Posted by: devnullius
« on: 08. September 2013., 22:00:25 »

Yeah, but I'd have made the OEM tweaks an "update". Put a basic android  on you Phone, freshly downloaded from the internet (but hardware should then support general accepted drivers for wifi/sound/camera/image).

Basic Android installed? Run samsung-fetch or whatever the OEM's made available and update your Phone further.

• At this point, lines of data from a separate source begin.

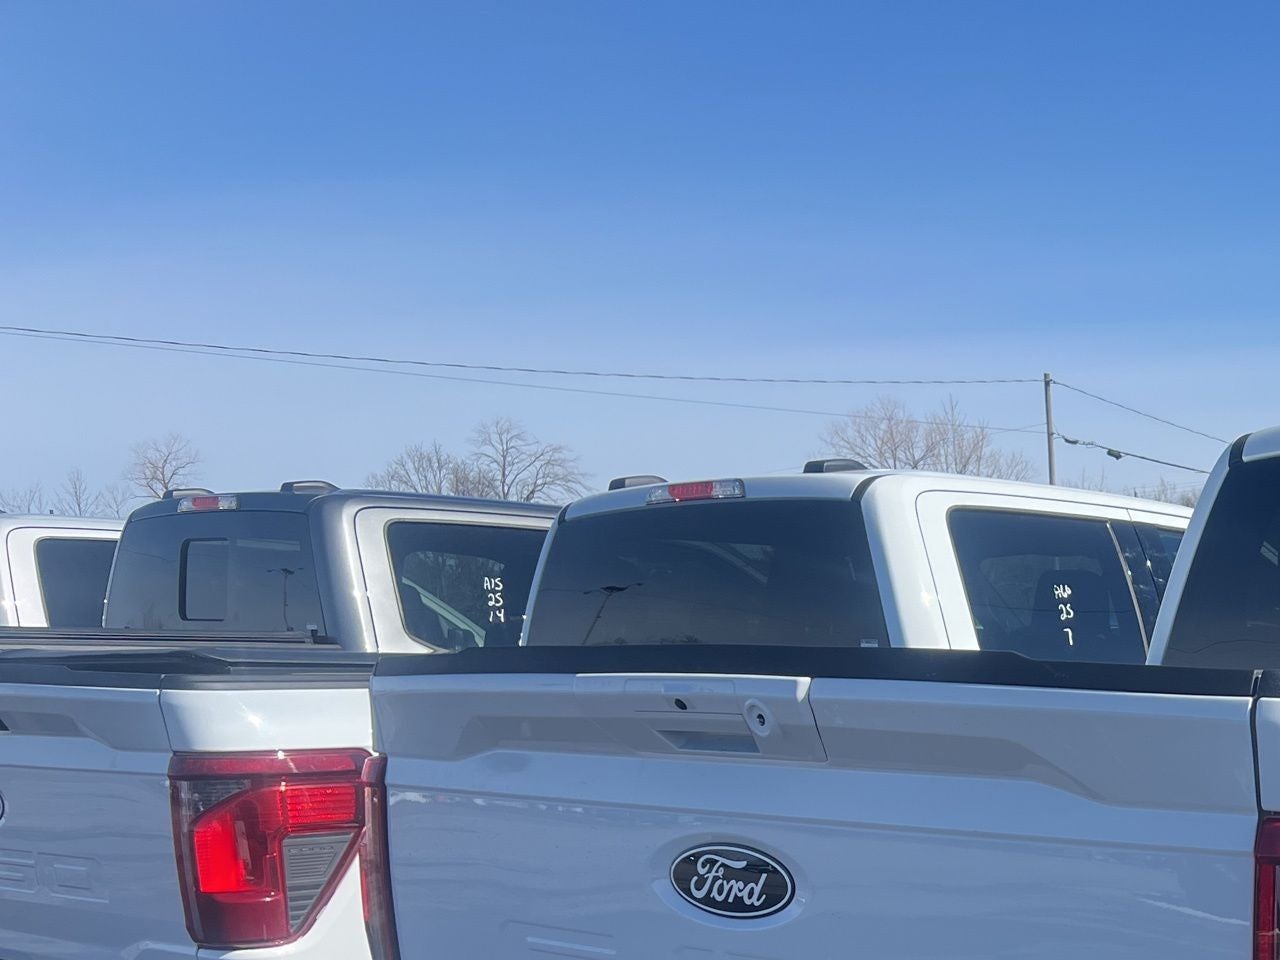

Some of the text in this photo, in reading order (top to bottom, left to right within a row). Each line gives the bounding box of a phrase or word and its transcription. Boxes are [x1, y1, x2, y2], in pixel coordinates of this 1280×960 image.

[487, 592, 504, 607] 25
[489, 608, 505, 623] 14
[1058, 603, 1074, 621] 25
[1063, 627, 1074, 646] 7
[690, 854, 768, 907] Ford

This way, most of the system will be secure and updated while OEM's can still "slipstream" their "stuff" in to differentiate themselves... And give me better phones ;p

Karma!

devnullius
Posted by: jheysen
« on: 08. September 2013., 18:47:21 »

Sadly, That desing flaw is given by the most attractive feature of Android for OEMs, that is the ability to personalize it for the OEM needs in hardware and everything... so yeah, it's been discussed that an Android update (not that there are a large amount of them) takes in the best case scenario 1 month to make it to final customer devices... only if the OEM decides to keep updating that device (for example, samsung with whatever device that's not a Galaxy S, Note or Tab...)
Posted by: devnullius
« on: 08. September 2013., 08:52:54 »


..., or in the dodgier end of the Android market scene.

Sigh - not going boldly where no bot has gone before anymore :(

When I went Androïd I had a HUGE increase of spam... And I'm sorry to all my contacts too - I learned my lessons by now!

In general, Android has a huge design flaw. Google puts out a new android but only with a lot of luck a specific android phone will get the update too.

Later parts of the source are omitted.